_Your assignment:_ Leaving out the images, repeat all the lines below exactly.

_Supplied data:_
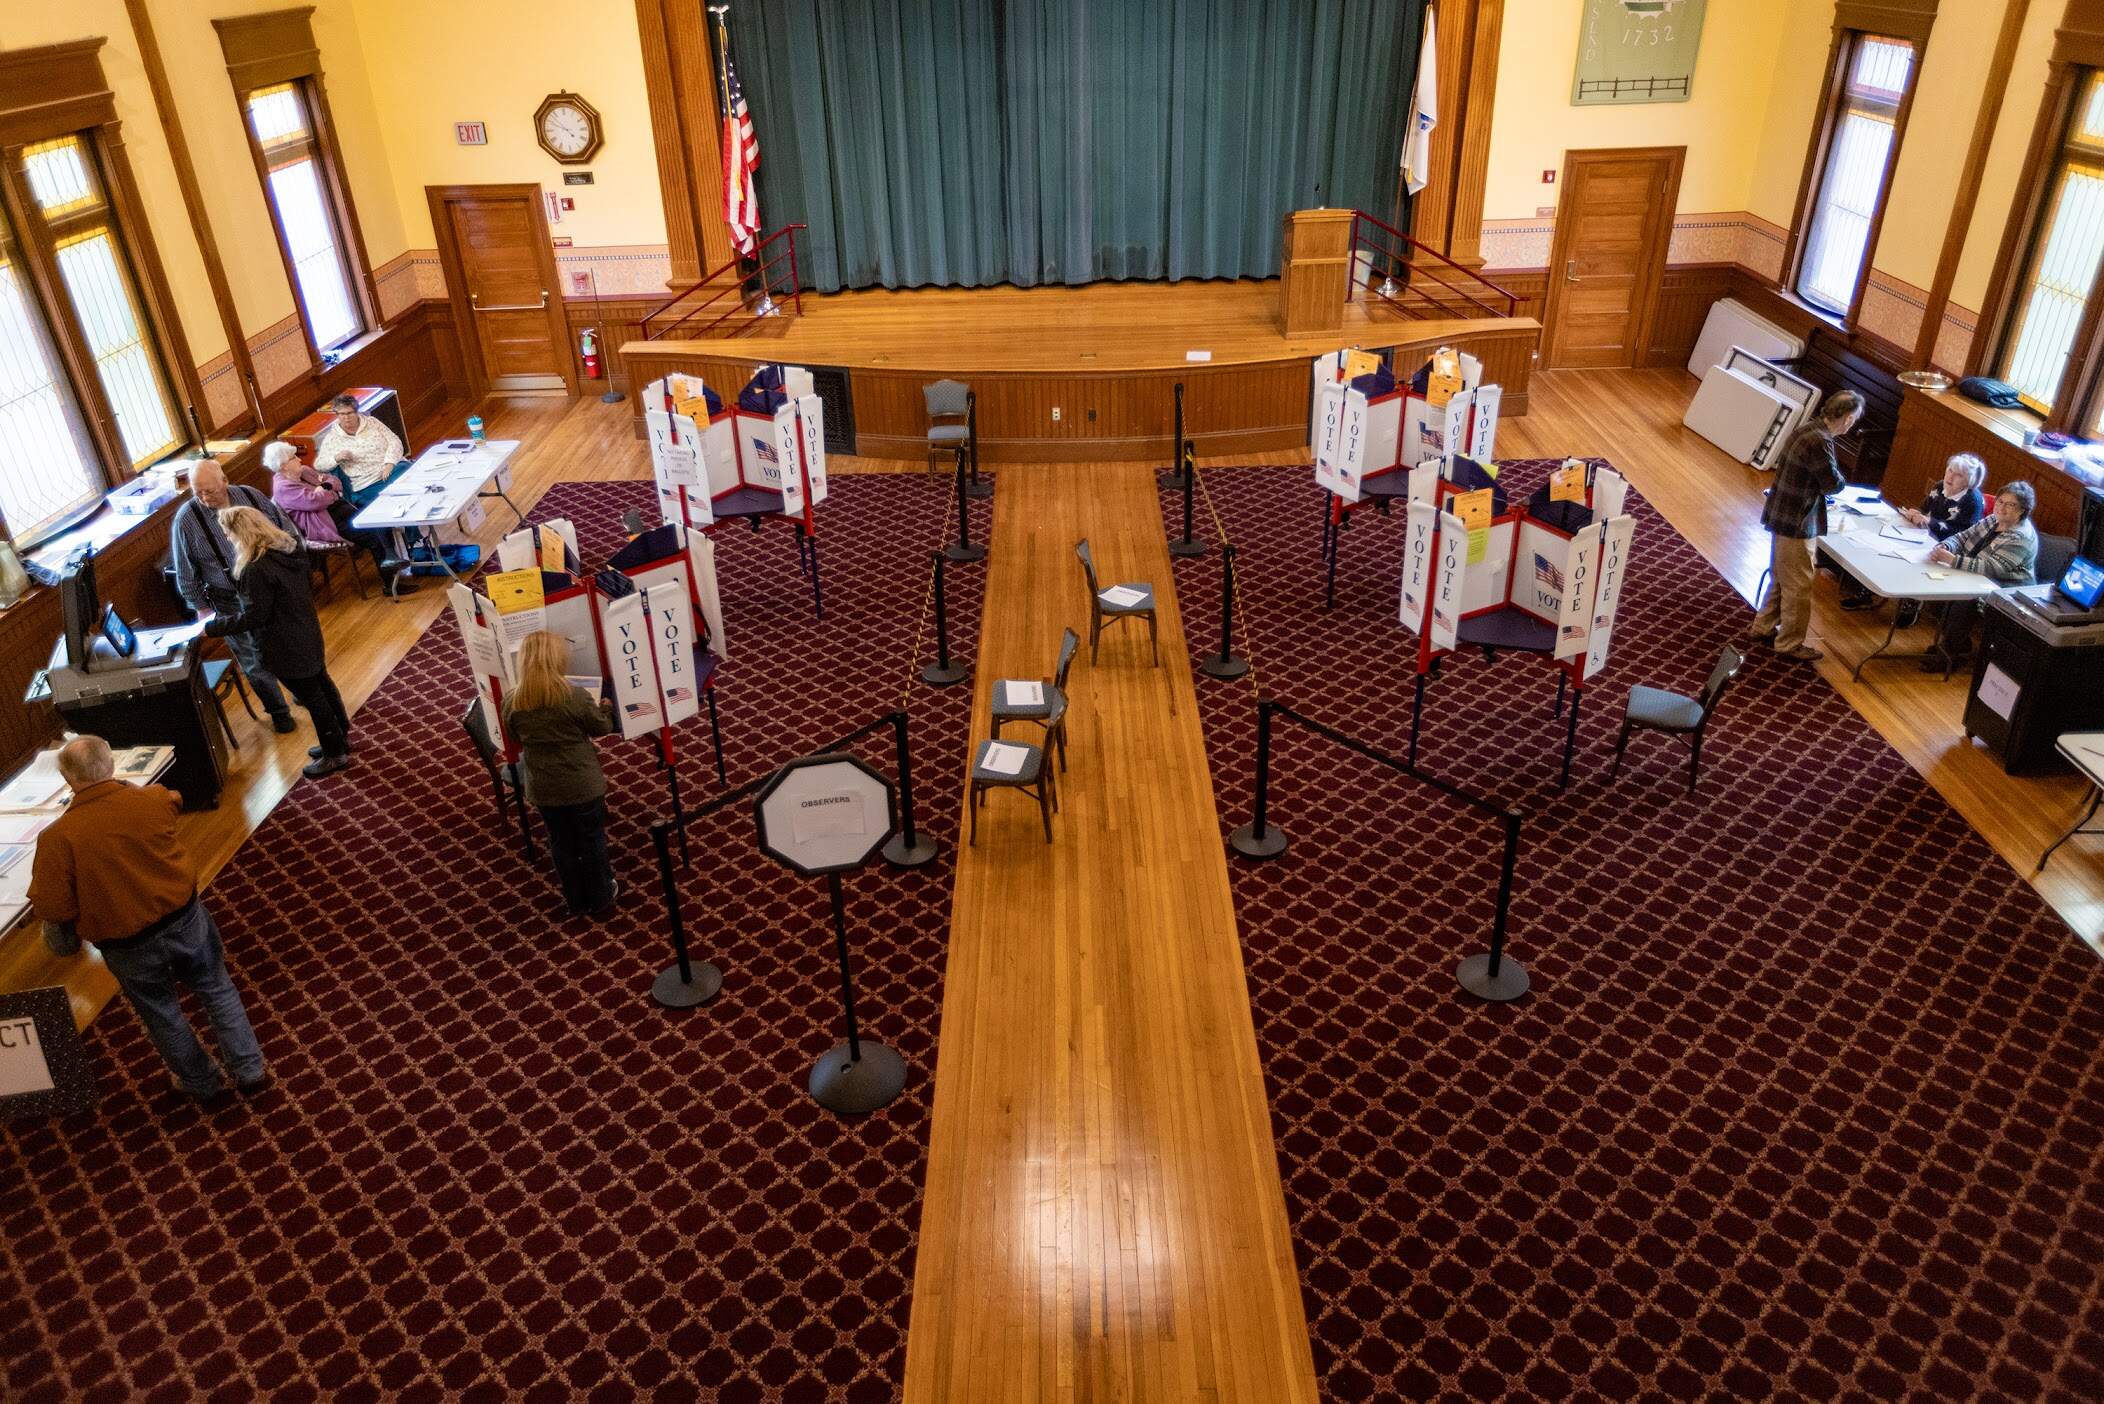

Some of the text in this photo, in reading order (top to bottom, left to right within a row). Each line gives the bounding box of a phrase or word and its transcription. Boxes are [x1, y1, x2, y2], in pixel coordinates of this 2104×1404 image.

[1622, 25, 1675, 47] 1732
[457, 125, 481, 142] EXIT
[783, 423, 797, 475] VOTE
[807, 414, 818, 465] VOTE
[1326, 400, 1336, 452] VOTE
[1348, 411, 1360, 463] VOTE
[1478, 405, 1490, 456] VOTE
[763, 466, 781, 479] VOT
[1413, 524, 1426, 586] VOTE
[1442, 538, 1458, 600] VOTE
[1572, 550, 1587, 612] VOTE
[1603, 538, 1620, 601] VOTE
[1537, 590, 1561, 610] VOT
[618, 622, 642, 689] VOTE
[663, 607, 682, 674] VOTE
[801, 796, 850, 808] OBSERVERS

_Exercise response:_
Some of the text in this photo, in reading order (top to bottom, left to right within a row). Each line gives the bounding box of a phrase or word and its transcription. Boxes are [x1, y1, x2, y2], in pixel coordinates of this 2104×1404 image.

[1622, 25, 1675, 47] 1732
[457, 125, 481, 142] EXIT
[783, 423, 797, 475] VOTE
[807, 414, 818, 465] VOTE
[1326, 400, 1336, 452] VOTE
[1348, 411, 1360, 463] VOTE
[1478, 405, 1490, 456] VOTE
[763, 466, 781, 479] VOT
[1413, 524, 1426, 586] VOTE
[1442, 538, 1458, 600] VOTE
[1572, 550, 1587, 612] VOTE
[1603, 538, 1620, 601] VOTE
[1537, 590, 1561, 610] VOT
[618, 622, 642, 689] VOTE
[663, 607, 682, 674] VOTE
[801, 796, 850, 808] OBSERVERS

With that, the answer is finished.